About half way through.






Done!!!






Ok, not done, done. But close. I need to drill a bolt hole in the center of the pin for a keeper. Then I'll saw it off a little long and face off the other side.

I took a short video so you could see some action. I'm taking .125" off the diameter here.

[ame]http://www.youtube.com/watch?v=KfpF10Js5pw[/ame]

More later.....


----------



## Deanofid (Dec 30, 2009)

Nice work on the crank disc/pin, Wes. Thanks for action shot, too!

Dean


----------



## Powder keg (Jan 2, 2010)

Thanks Dean!!!

I cut the crank disc/pin off the bar with my band saw. I then chucked it up, on the pin, in the collet chuck on my little South bend. I was able to face the part off to length pretty easily this way. I think I need to start on the base for this engine pretty soon so I have a place to put some of my pieces. Here is a quick picture. There is a hole all the way through the pin so the con rods can get a little lube.






Thanks for looking.


----------



## Powder keg (Jan 3, 2010)

I had to clean off my welding table for this shot. Here are a couple of the pieces for the base I'm going to build for this engine. The ring will be cut off at the white lines and the slug at the top will be machined and then welded to the arch. I still need to come up with some feet for the arch to be welded to. 






This will give me a place to put my engine pieces)


----------



## cfellows (Jan 8, 2010)

Gonna be a nice looking engine. That's gonna be a pretty big chunk of spinning metal when you get it fired up. However, I don't think balance and vibration is much of an issue with rotary engines. Have you figured out about what the total diameter will be?

Chuck


----------



## Powder keg (Jan 8, 2010)

I think it will be around 10" in diameter Chuck. I got the metal for the con rods cut out today. In the morning I'll start squaring up the blocks.


----------



## cfellows (Jan 8, 2010)

Ugh... con rods are my least favorite things to do. Very nice when done right, but a lot of work. I probably need to spend some time standardizing my methods and making some jigs.

Chuck


----------



## Powder keg (Jan 8, 2010)

I've only made a few engines. I think Con rods are my least favorite part. These won't be too fancy. They'll be on the inside. I seem to have a hard time making them look nice. Maybe these bigger ones will be easier?


----------



## zeeprogrammer (Jan 9, 2010)

Was I reading that right? 0.125" off the diameter in one pass? That must be a sizable machine...I get scared around the .01 mark with my mini-lathe.

Appreciated seeing the video. It helps me a lot as I've still got a lot to learn about speeds and feeds.


----------



## Powder keg (Jan 9, 2010)

We have an Ameraseiki CNC lathe at work with a 30 HP spindle motor on it. 2 weeks ago we were roughing some shafts with 1 inch cuts off the diameter. Other than it sounding like someone was shooting gravel at the door you couldn't tell that we were taking such a big cut.
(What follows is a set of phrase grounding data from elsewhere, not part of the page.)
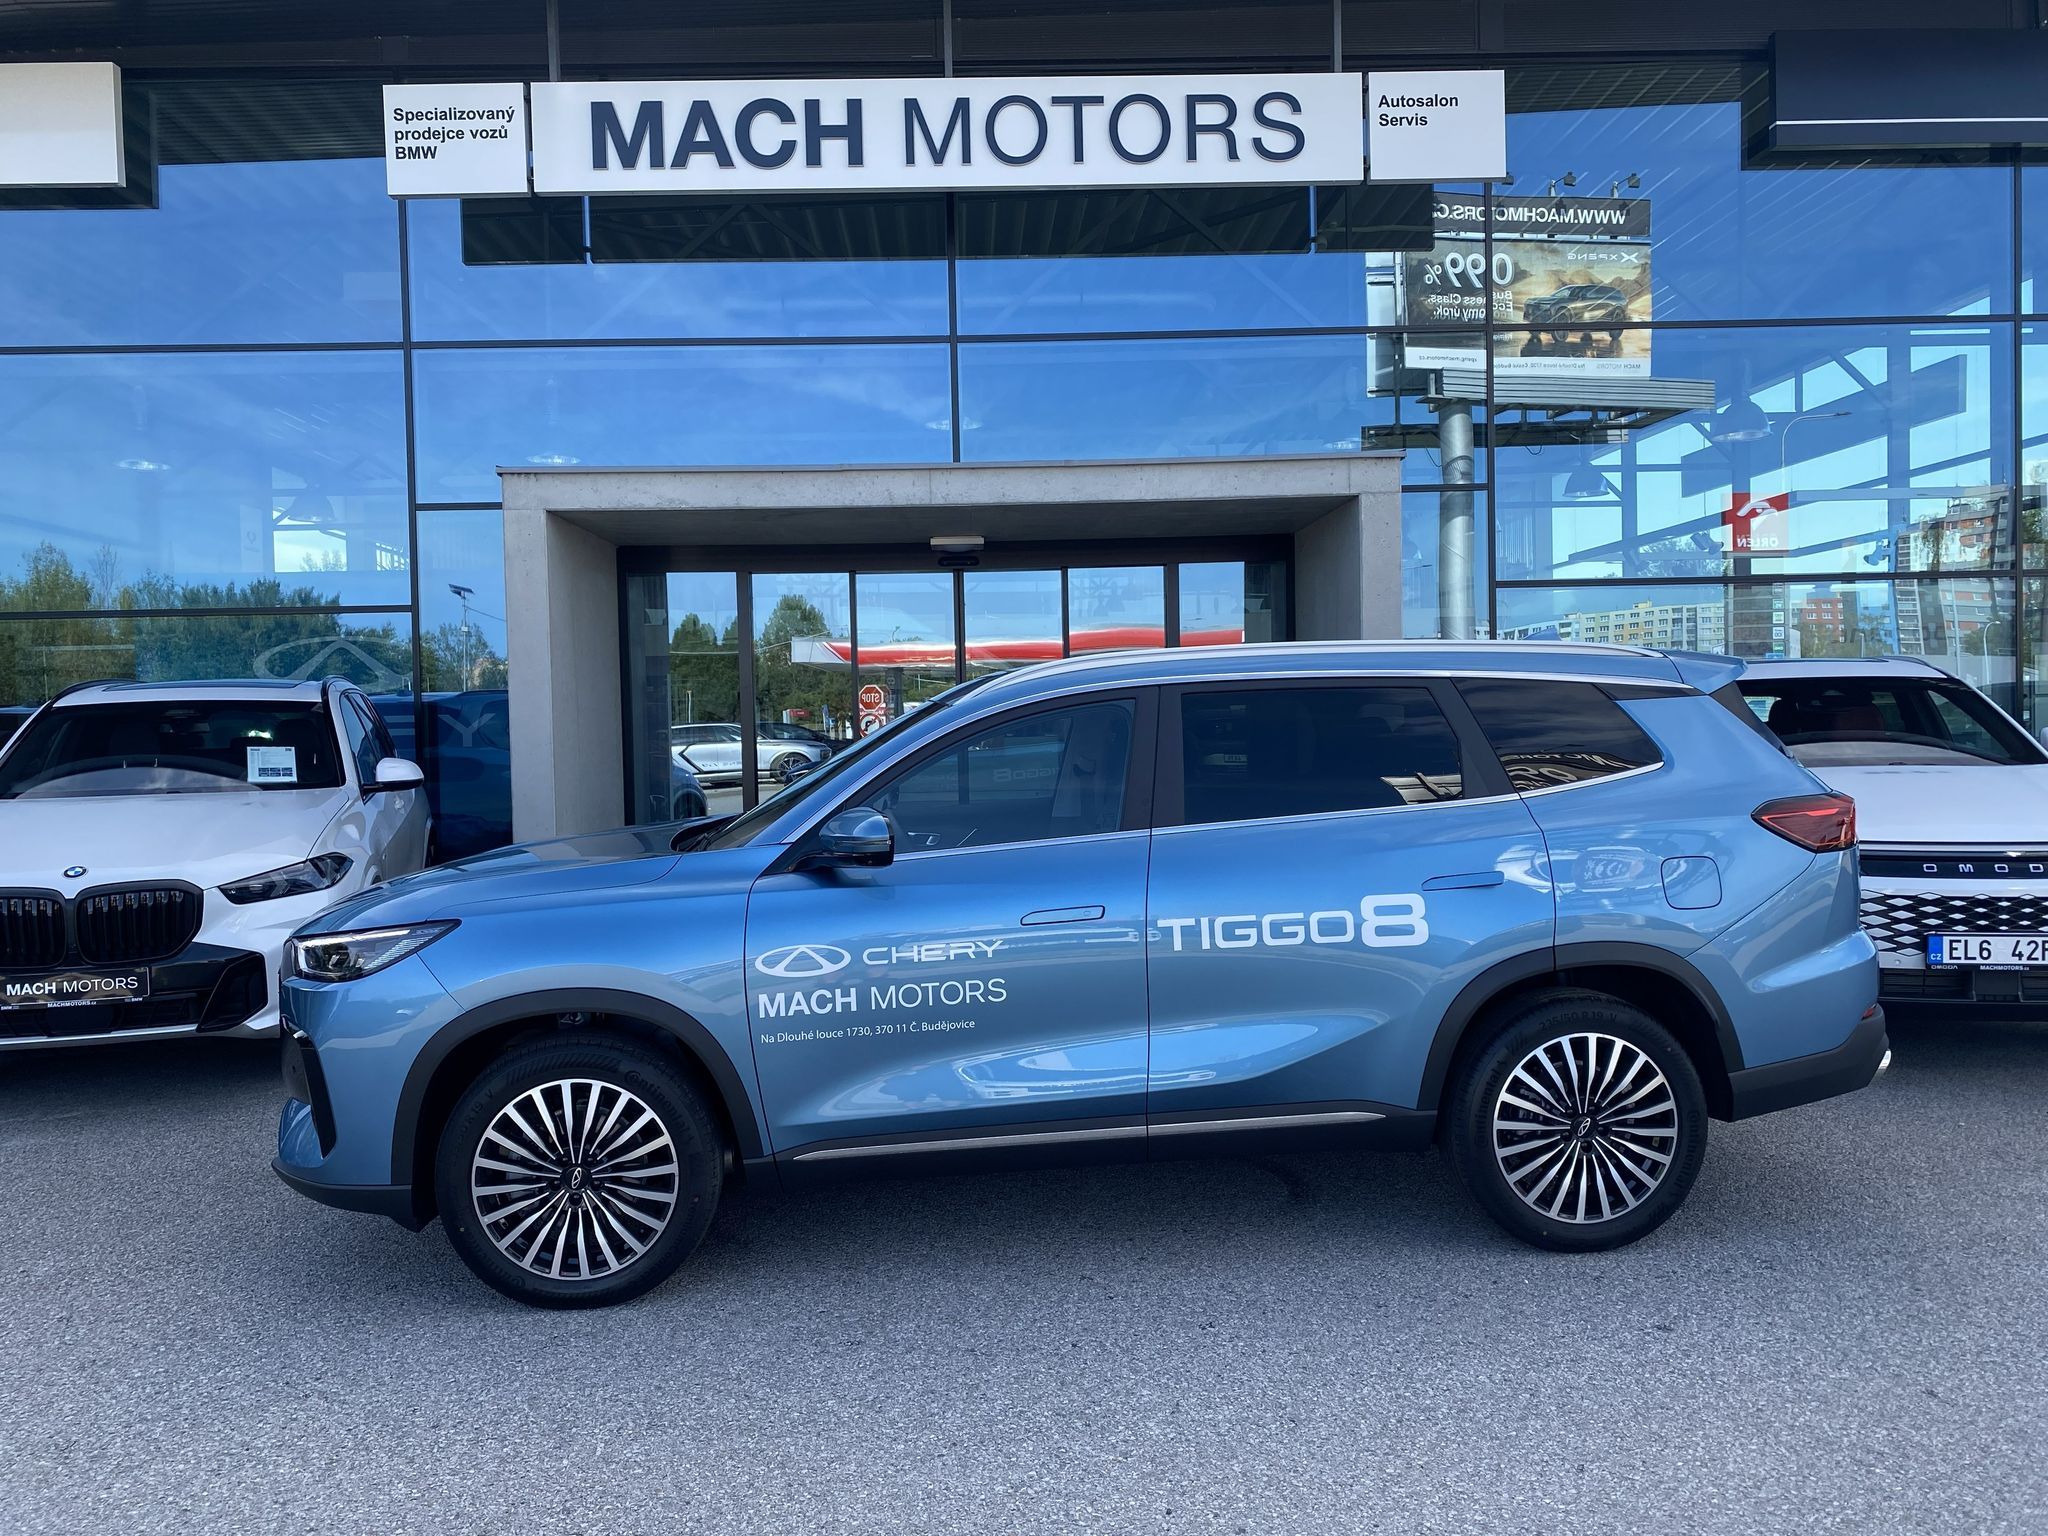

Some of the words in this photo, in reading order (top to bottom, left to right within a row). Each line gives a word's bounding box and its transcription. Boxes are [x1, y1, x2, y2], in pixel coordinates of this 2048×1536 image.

[1378, 93, 1459, 108] Autosalon
[393, 106, 515, 124] Specializovaný
[1378, 112, 1428, 127] Servis
[394, 127, 465, 143] prodejce
[469, 125, 508, 139] vozů
[590, 98, 864, 171] MACH
[904, 92, 1306, 166] MOTORS
[395, 146, 437, 159] BMW
[862, 940, 1004, 966] CHERY
[1949, 939, 1992, 961] EL6
[5, 982, 56, 996] MACH
[63, 976, 139, 993] MOTORS
[758, 987, 858, 1019] MACH
[870, 978, 1007, 1010] MOTORS
[761, 1034, 775, 1043] Na
[777, 1030, 814, 1042] Dlouhé
[816, 1028, 844, 1039] louce
[847, 1026, 873, 1037] 1730,
[875, 1024, 894, 1034] 370
[896, 1023, 906, 1032] 11
[909, 1021, 919, 1032] Č.
[922, 1018, 976, 1034] Budějovice
The load meter was hitting 110% at times ;D

If you have any questions Zeep just ask. But experience is the best teacher. You just have to make lots of chips.


----------



## Powder keg (Jan 9, 2010)

The crank valve has been bugging me so I decided to work on that some today. I set up my dividing head and lined everything up.







I set up my height gauge to the center of the valve then scribed some indexing lines on it. 






I couldn't find my edge finder, So I used a piece of paper. That will be close enough for these slots. 






I then started machining key ways around the shaft the "hard way". It went pretty good. My Chinese end mill went dull, but I made it through.






After I had the keys machined I needed to drill a port to connect the intake port to the hole in the center of the shaft. I started with a center drill.






I then drilled the hole to size.






Here Is what I have now. There are a few more holes that get drilled and tapped yet. It will take a few more setups to get them though.


----------



## stevehuckss396 (Jan 9, 2010)

Powder keg  said:
			
		

> I'm making this engine twice as big as the plans call for. This engine is neat because the engine spins and the crank is stationary.



I found this funny because I am about 95% done with a 5 cylinder that works like yours only i shrunk it down from mega to 1/3rd size. 

I'll be watching!


----------



## Deanofid (Jan 9, 2010)

Thanks for the progress shots, Wes.
Man, I hate it when an end mill starts giving up the ghost in a cut. That's how it always happens. ; )

Dean


----------



## Powder keg (Jan 17, 2010)

I managed to donate 2 con rods to the scrap bin today. Having troubles. I have a .3125" reamer that is chattering BAD!!! I was going as slow as my mill will go????? I might just drill the holes? Maybe I'll do a few more test holes???


----------



## Deanofid (Jan 17, 2010)

Sounds like time for the mythical D reamer, Wes.
: )

Can you drill them large enough to bush them, and save the ruined rods?


----------



## Maryak (Jan 17, 2010)

Wes,

A short steep taper at the start of the hole sometimes helps get a reamer started without chatter.

Hope this helps and bad luck about the rods.

Best Regards
Bob


----------



## Powder keg (Jan 17, 2010)

I'll have to look into those D reamers. I have a heat treat oven now\o/ I could have a chance to use it ;D There's not enough room for sleeve I don't think?


----------



## Seanol (Jan 17, 2010)

I made a d bit reamer for my rocking engine bore and it worked perfect. It was brass though.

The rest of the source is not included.